# Description of spreading dynamics by microscopic network models and   macroscopic branching processes can differ due to coalescence

**Authors:** Johannes Zierenberg, Jens Wilting, Viola Priesemann, Anna Levina

arXiv: 1905.10402 · 2020-02-12

## TL;DR

This paper demonstrates that microscopic network models and macroscopic branching processes can differ significantly due to coalescence, and proposes a non-linear estimator to accurately infer model parameters across system sizes.

## Contribution

It analytically shows how coalescence causes discrepancies between microscopic and macroscopic spreading descriptions and introduces a non-linear estimator to correct parameter inference.

## Key findings

- Coalescence causes non-linear effects in spreading dynamics.
- A universal non-linear scaling function describes coalescence impact.
- The proposed estimator accurately infers microscopic parameters from macroscopic data.

## Abstract

Spreading processes are conventionally monitored on a macroscopic level by counting the number of incidences over time.

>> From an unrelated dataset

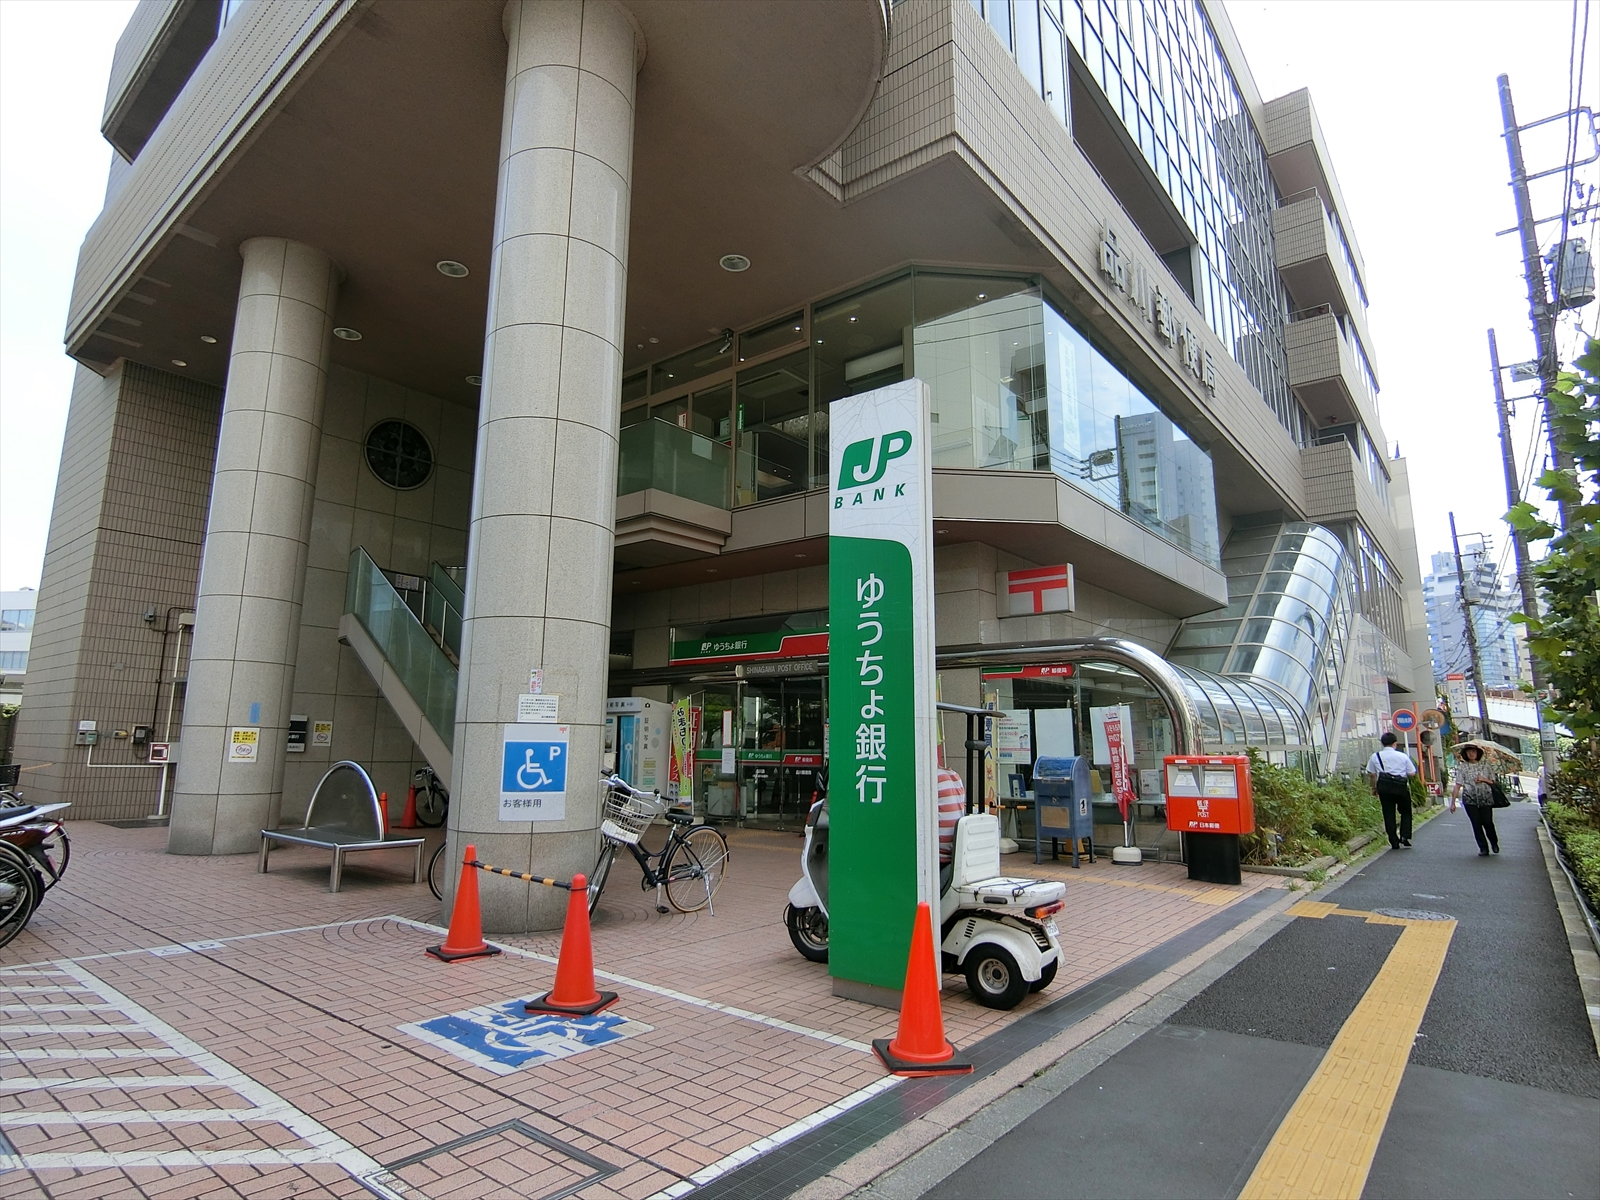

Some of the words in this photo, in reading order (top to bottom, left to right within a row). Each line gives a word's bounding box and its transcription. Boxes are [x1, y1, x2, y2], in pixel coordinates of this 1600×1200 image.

The spreading process can then be modeled either on the microscopic level, assuming an underlying interaction network, or directly on the macroscopic level, assuming that microscopic contributions are negligible. The macroscopic characteristics of both descriptions are commonly assumed to be identical. In this work, we show that these characteristics of microscopic and macroscopic descriptions can be different due to coalescence, i.e., a node being activated at the same time by multiple sources. In particular, we consider a (microscopic) branching network (probabilistic cellular automaton) with annealed connectivity disorder, record the macroscopic activity, and then approximate this activity by a (macroscopic) branching process. In this framework, we analytically calculate the effect of coalescence on the collective dynamics. We show that coalescence leads to a universal non-linear scaling function for the conditional expectation value of successive network activity. This allows us to quantify the difference between the microscopic model parameter and established macroscopic estimates. To overcome this difference, we propose a non-linear estimator that correctly infers the model branching parameter for all system sizes.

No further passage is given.